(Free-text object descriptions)

Segment Open

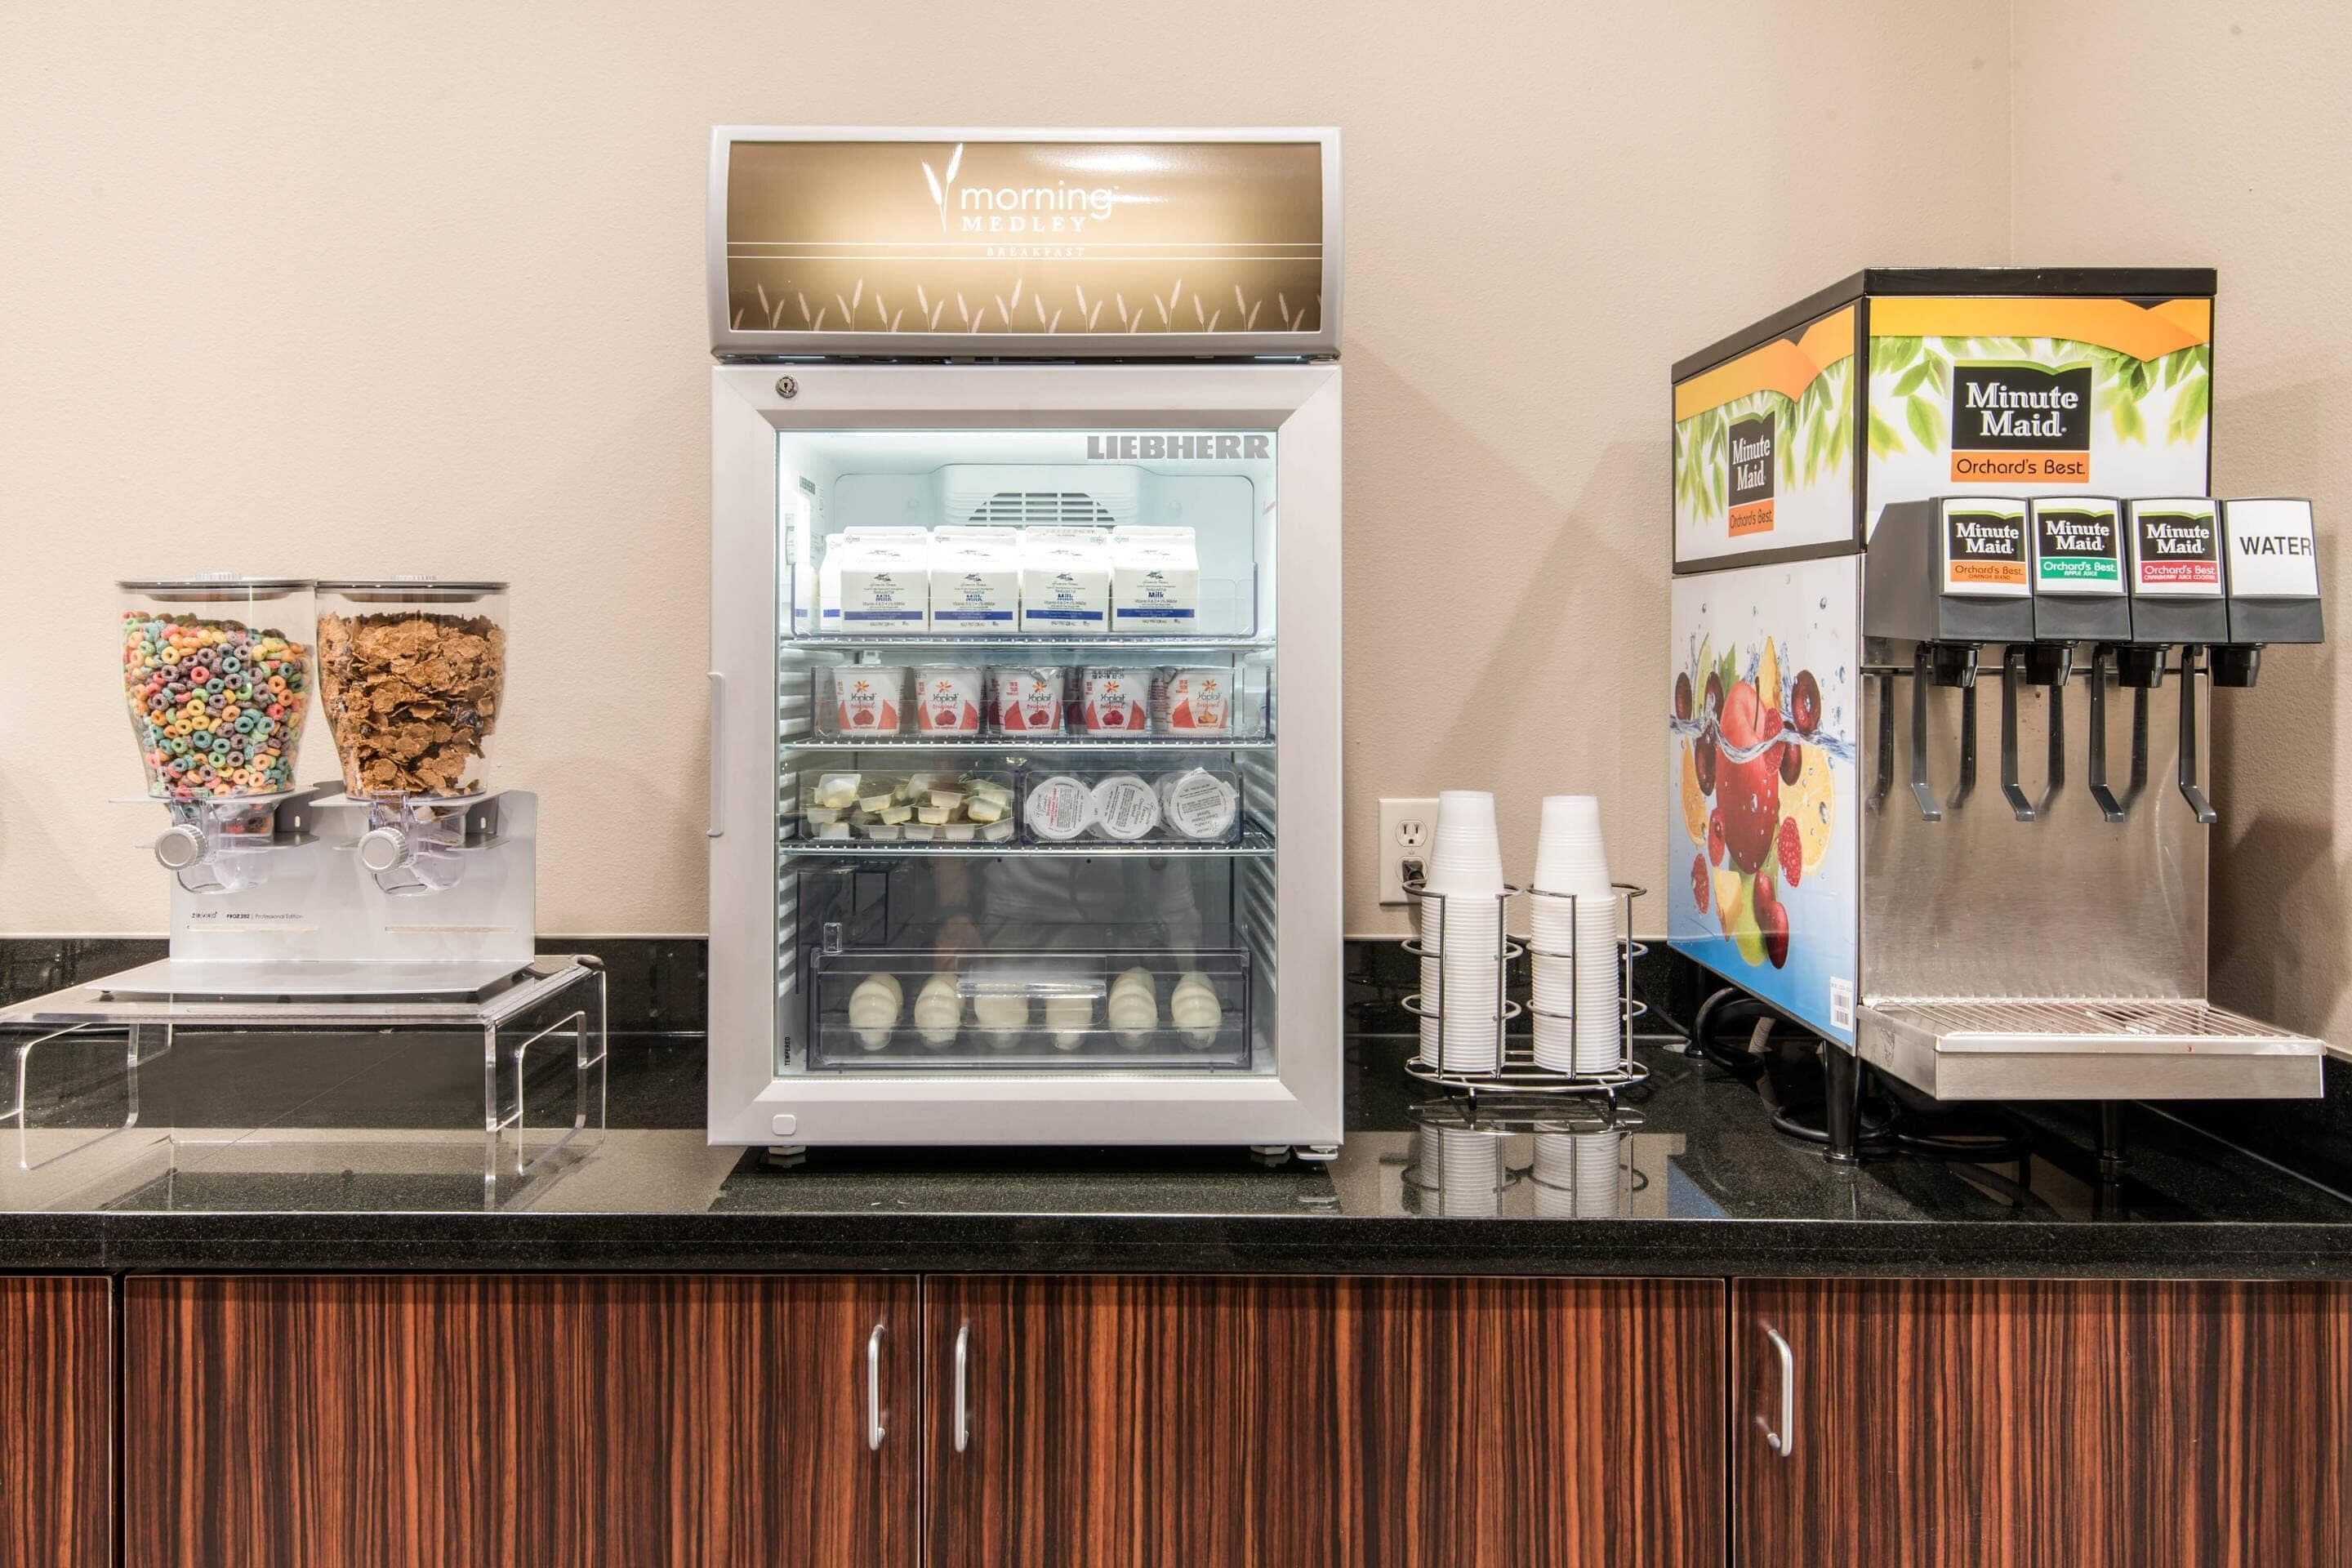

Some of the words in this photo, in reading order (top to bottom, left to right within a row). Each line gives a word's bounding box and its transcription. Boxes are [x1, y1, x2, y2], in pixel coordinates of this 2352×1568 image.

[960, 180, 1112, 220] morning
[960, 216, 1086, 233] MEDLEY
[987, 247, 1085, 256] BREAKFAST
[1965, 381, 2079, 409] Minute
[1979, 411, 2064, 438] Maid
[1087, 435, 1271, 459] LIEBHERR
[1732, 434, 1771, 466] Minute
[1956, 458, 2037, 474] Orchard's
[2044, 459, 2085, 474] Best
[1736, 461, 1765, 492] Maid
[1730, 512, 1757, 529] Orchard's
[1757, 510, 1773, 524] Best
[1955, 523, 2020, 539] Minute
[2045, 520, 2110, 537] Minute
[2145, 523, 2210, 539] Minute
[1965, 538, 2014, 555] Maid
[2055, 536, 2105, 551] Maid
[2156, 539, 2205, 555] Maid
[2239, 536, 2313, 556] WATER
[1954, 565, 2000, 574] Orchard's
[2002, 566, 2024, 576] Best
[2043, 561, 2091, 571] Orchard's
[2094, 562, 2117, 572] Best
[2144, 564, 2193, 574] Orchard's
[2194, 565, 2216, 575] Best
[875, 594, 893, 602] Milk
[965, 594, 983, 602] Milk
[851, 693, 875, 705] Yoplait
[933, 693, 957, 704] Yoplait
[1027, 693, 1052, 704] Yoplait
[1101, 693, 1125, 704] Yoplait
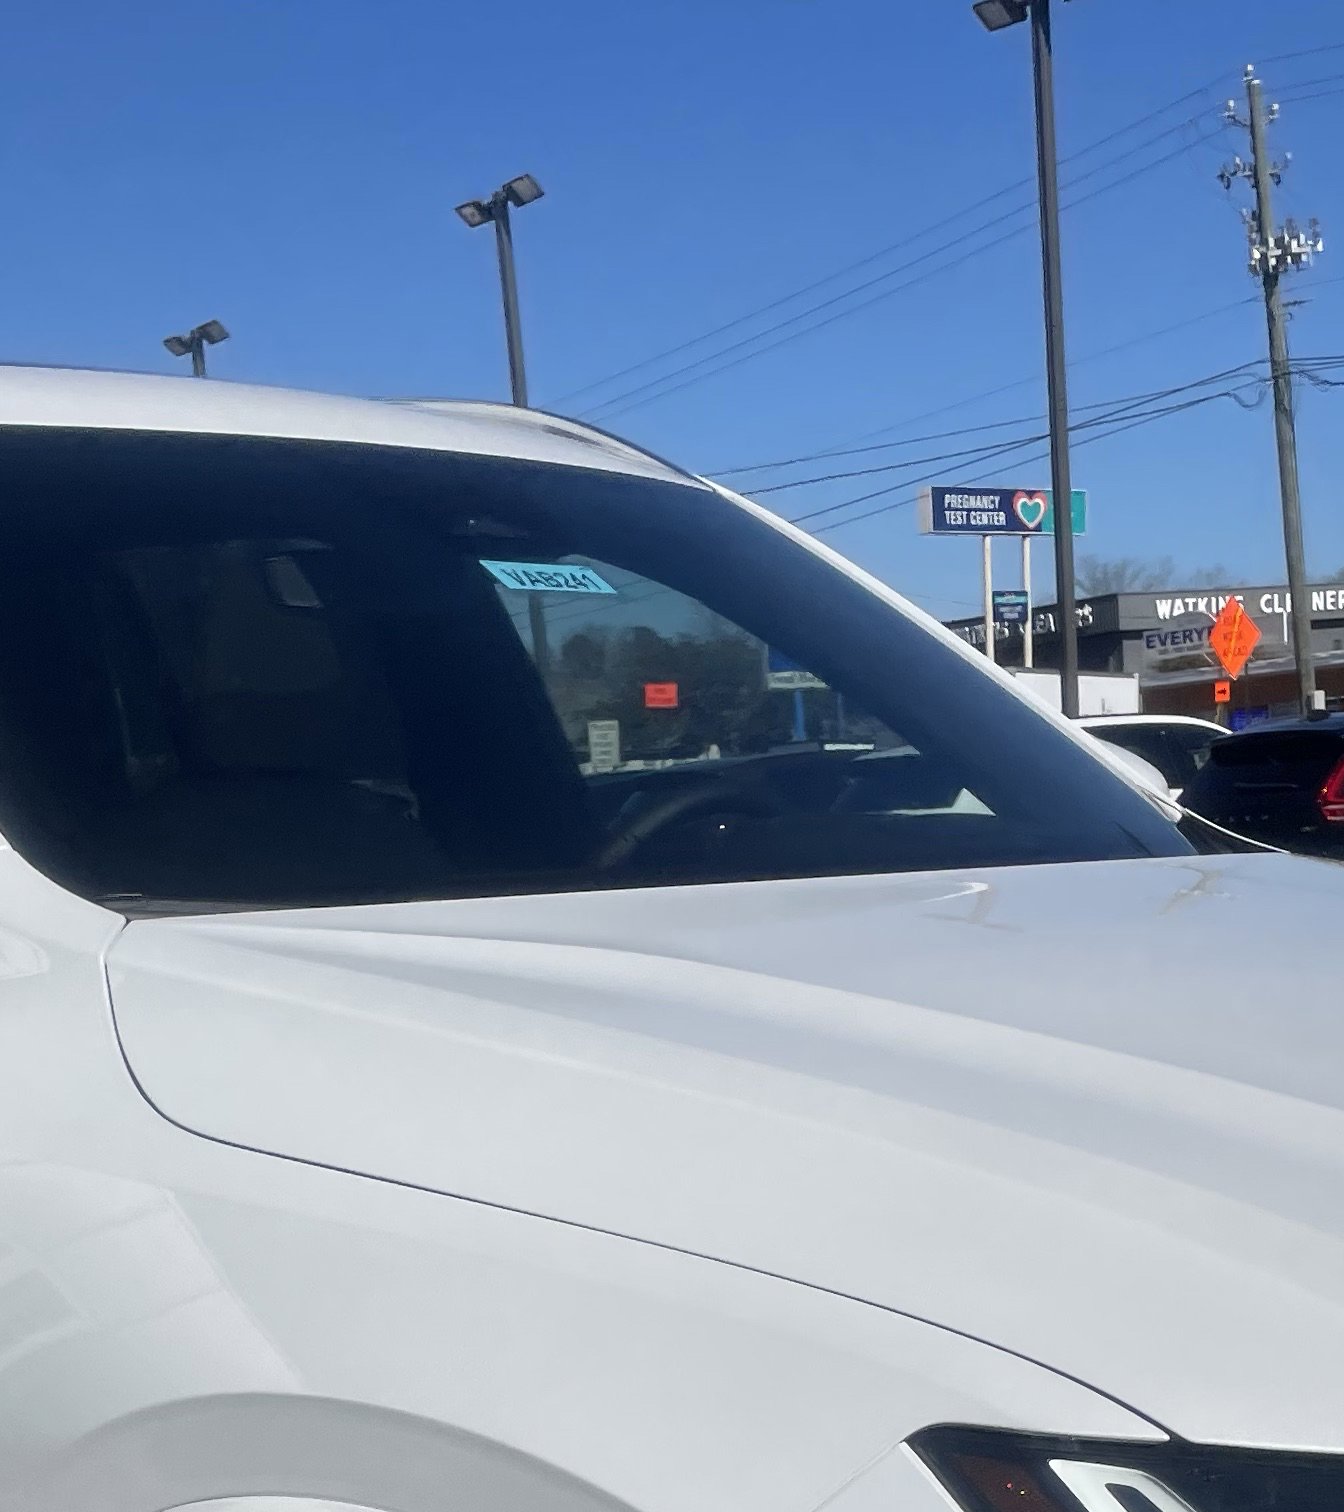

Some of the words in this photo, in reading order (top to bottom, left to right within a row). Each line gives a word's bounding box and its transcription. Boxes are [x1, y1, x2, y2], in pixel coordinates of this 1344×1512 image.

Segment Closed

- **Work to complete**
Copy the entries exactly. Leave the pictures out.

- **Expected answer**
Some of the words in this photo, in reading order (top to bottom, left to right within a row). Each line gives a word's bounding box and its transcription. Boxes are [x1, y1, x2, y2], in pixel coordinates of this 2352×1568 image.

[960, 180, 1112, 220] morning
[960, 216, 1086, 233] MEDLEY
[987, 247, 1085, 256] BREAKFAST
[1965, 381, 2079, 409] Minute
[1979, 411, 2064, 438] Maid
[1087, 435, 1271, 459] LIEBHERR
[1732, 434, 1771, 466] Minute
[1956, 458, 2037, 474] Orchard's
[2044, 459, 2085, 474] Best
[1736, 461, 1765, 492] Maid
[1730, 512, 1757, 529] Orchard's
[1757, 510, 1773, 524] Best
[1955, 523, 2020, 539] Minute
[2045, 520, 2110, 537] Minute
[2145, 523, 2210, 539] Minute
[1965, 538, 2014, 555] Maid
[2055, 536, 2105, 551] Maid
[2156, 539, 2205, 555] Maid
[2239, 536, 2313, 556] WATER
[1954, 565, 2000, 574] Orchard's
[2002, 566, 2024, 576] Best
[2043, 561, 2091, 571] Orchard's
[2094, 562, 2117, 572] Best
[2144, 564, 2193, 574] Orchard's
[2194, 565, 2216, 575] Best
[875, 594, 893, 602] Milk
[965, 594, 983, 602] Milk
[851, 693, 875, 705] Yoplait
[933, 693, 957, 704] Yoplait
[1027, 693, 1052, 704] Yoplait
[1101, 693, 1125, 704] Yoplait

Some of the words in this photo, in reading order (top to bottom, left to right within a row). Each line gives a word's bounding box and its transcription. Boxes are [x1, y1, x2, y2], in pixel coordinates of this 1344×1512 image.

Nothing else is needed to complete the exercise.